With the lowest RMSE among all models, LightGBM proves to be highly effective for this prediction task, even after parameter optimization.

## Testing the Best Models on Test Data 

In [18]:
# Best model from GridSearchCV for Decision Tree
best_dt_model = dt_grid.best_estimator_

# Measure training time
start_time = time.time()
best_dt_model.fit(X_train, y_train)
training_time_dt = time.time() - start_time
print(f"Decision Tree Training Time: {training_time_dt:.4f} seconds")

# Measure prediction time
start_time = time.time()
y_pred_dt = best_dt_model.predict(X_test)
prediction_time_dt = time.time() - start_time
print(f"Decision Tree Prediction Time: {prediction_time_dt:.4f} seconds")

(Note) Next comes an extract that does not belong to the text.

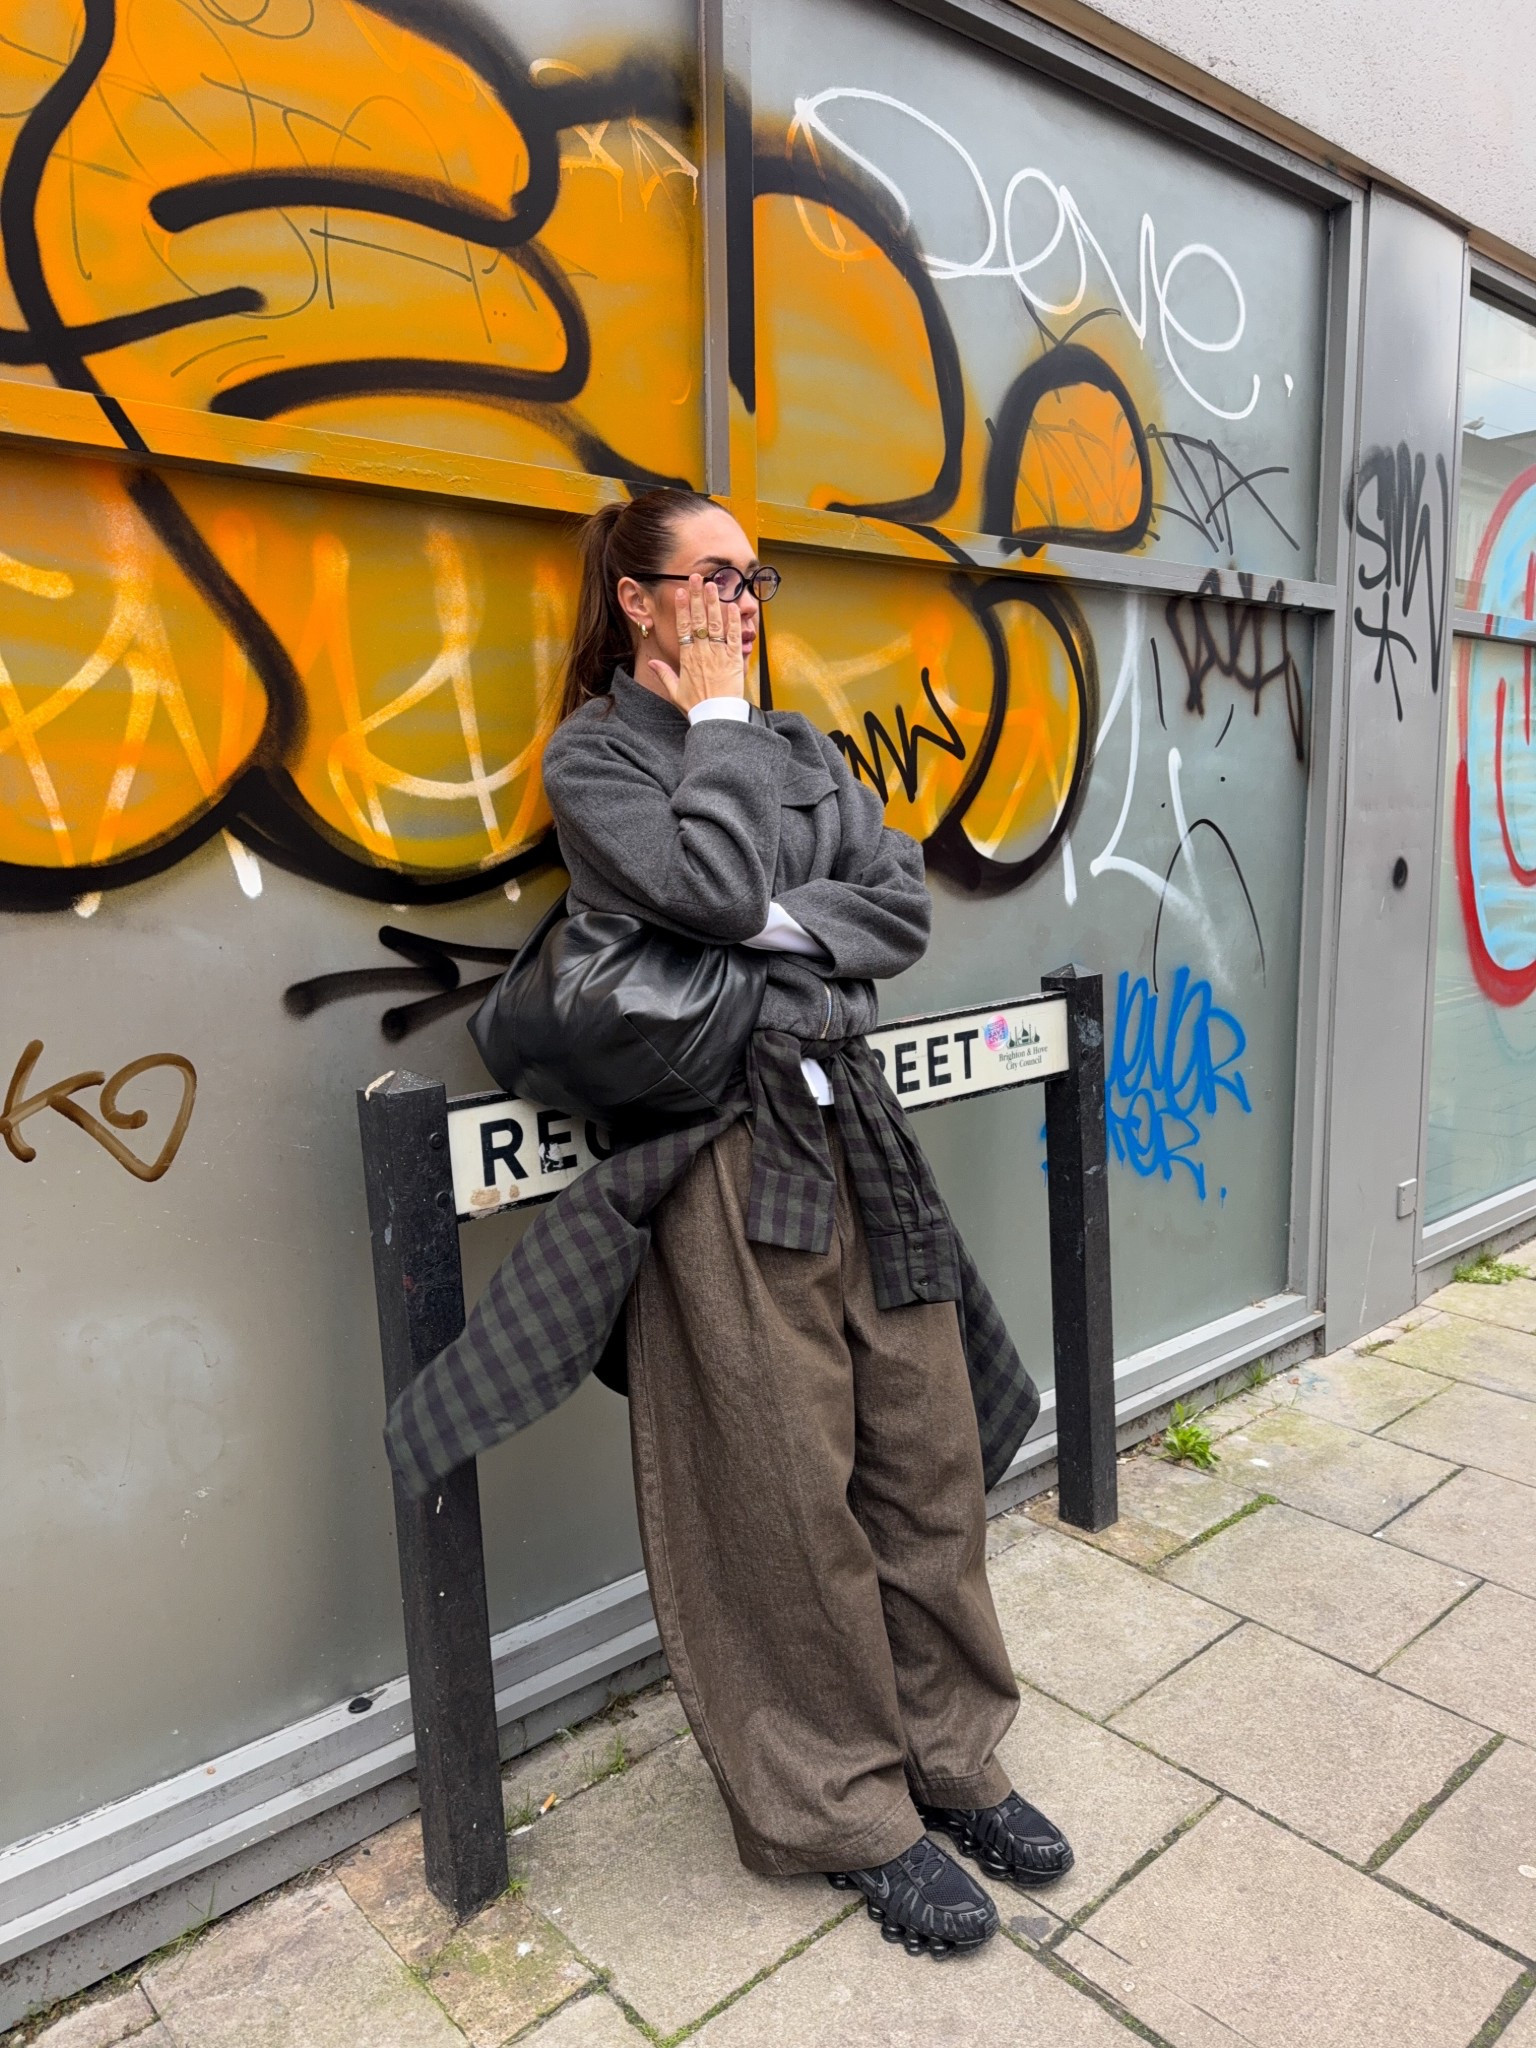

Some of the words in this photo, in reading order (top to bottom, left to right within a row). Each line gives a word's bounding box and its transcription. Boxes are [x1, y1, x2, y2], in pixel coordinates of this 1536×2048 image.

# Evaluate performance on test data
rmse_dt = np.sqrt(mean_squared_error(y_test, y_pred_dt))
print(f"Decision Tree RMSE on Test Data: {rmse_dt:.4f}")

Decision Tree Training Time: 3.1940 seconds
Decision Tree Prediction Time: 0.0459 seconds
Decision Tree RMSE on Test Data: 1815.1099


In [19]:
# Best model from GridSearchCV for Random Forest
best_rf_model = rf_grid.best_estimator_

# Measure training time
start_time = time.time()
best_rf_model.fit(X_train, y_train)
training_time_rf = time.time() - start_time
print(f"Random Forest Training Time: {training_time_rf:.4f} seconds")

# Measure prediction time
start_time = time.time()
y_pred_rf = best_rf_model.predict(X_test)
prediction_time_rf = time.time() - start_time
print(f"Random Forest Prediction Time: {prediction_time_rf:.4f} seconds")

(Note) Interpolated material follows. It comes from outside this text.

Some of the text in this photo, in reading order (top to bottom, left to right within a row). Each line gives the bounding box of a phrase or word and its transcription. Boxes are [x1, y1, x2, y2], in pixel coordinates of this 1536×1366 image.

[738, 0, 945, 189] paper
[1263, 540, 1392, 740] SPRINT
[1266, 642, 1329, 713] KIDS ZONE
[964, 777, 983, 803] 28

# Evaluate performance on test data
rmse_rf = np.sqrt(mean_squared_error(y_test, y_pred_rf))
print(f"Random Forest RMSE on Test Data: {rmse_rf:.4f}")

Random Forest Training Time: 107.7307 seconds
Random Forest Prediction Time: 0.5238 seconds
Random Forest RMSE on Test Data: 1620.5899


In [20]:
# Best model from GridSearchCV for LightGBM
best_lgb_model = lgb_grid.best_estimator_

# Measure training time
start_time = time.time()
best_lgb_model.fit(X_train, y_train)
training_time_lgb = time.time() - start_time
print(f"LightGBM Training Time: {training_time_lgb:.4f} seconds")

# Measure prediction time
start_time = time.time()
y_pred_lgb = best_lgb_model.predict(X_test)
prediction_time_lgb = time.time() - start_time
print(f"LightGBM Prediction Time: {prediction_time_lgb:.4f} seconds")

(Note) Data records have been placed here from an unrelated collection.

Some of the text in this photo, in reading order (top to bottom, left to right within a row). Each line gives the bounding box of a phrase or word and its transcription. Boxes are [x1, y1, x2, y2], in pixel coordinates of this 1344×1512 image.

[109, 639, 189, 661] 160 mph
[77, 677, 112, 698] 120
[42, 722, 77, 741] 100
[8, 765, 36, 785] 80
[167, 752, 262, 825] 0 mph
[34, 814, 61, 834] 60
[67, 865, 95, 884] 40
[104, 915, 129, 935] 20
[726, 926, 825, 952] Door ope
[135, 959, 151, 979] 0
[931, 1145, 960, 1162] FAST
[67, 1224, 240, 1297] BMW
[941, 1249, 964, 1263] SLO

# Evaluate performance on test data
rmse_lgb = np.sqrt(mean_squared_error(y_test, y_pred_lgb))
print(f"LightGBM RMSE on Test Data: {rmse_lgb:.4f}")

LightGBM Training Time: 7.9731 seconds
LightGBM Prediction Time: 1.1271 seconds
LightGBM RMSE on Test Data: 1619.2757


## Model analysis

The key criteria Rusty Bargain is interested in are:

- <b>Quality of the Prediction:</b> Measured by RMSE (Root Mean Squared Error).
- <b>Speed of Prediction:</b> How fast the model makes predictions.
- <b>Time Required for Training:</b> How long it takes to train the model

Quality of the Prediction (RMSE):

LightGBM has the best RMSE (1619.2757), followed very closely by Random Forest (1620.5899).
The Decision Tree has a significantly higher RMSE (1815.1099), making it the least accurate of the three.

Speed of the Prediction:

The Decision Tree is by far the fastest in prediction time (0.0459 seconds).
Random Forest has a moderate prediction time (0.5238 seconds), while LightGBM is the slowest (1.1271 seconds).
Time Required for Training:

The Decision Tree is the quickest to train (3.1940 seconds), followed by LightGBM (7.9731 seconds).
Random Forest takes significantly longer to train (107.7307 seconds)


### Final Recommendation 

In this project, we built and evaluated several machine learning models to predict used car prices. The models varied in terms of accuracy, training time, and inference speed. Among the models tested, we found that LightGBM performed the best in the target criteria.

LightGBM offers the best prediction quality with the lowest RMSE (1619.2757) and a reasonable training time (7.9731 seconds). Although it is slower in prediction time, its accuracy makes it the best choice for Rusty Bargain, where prediction quality is paramount.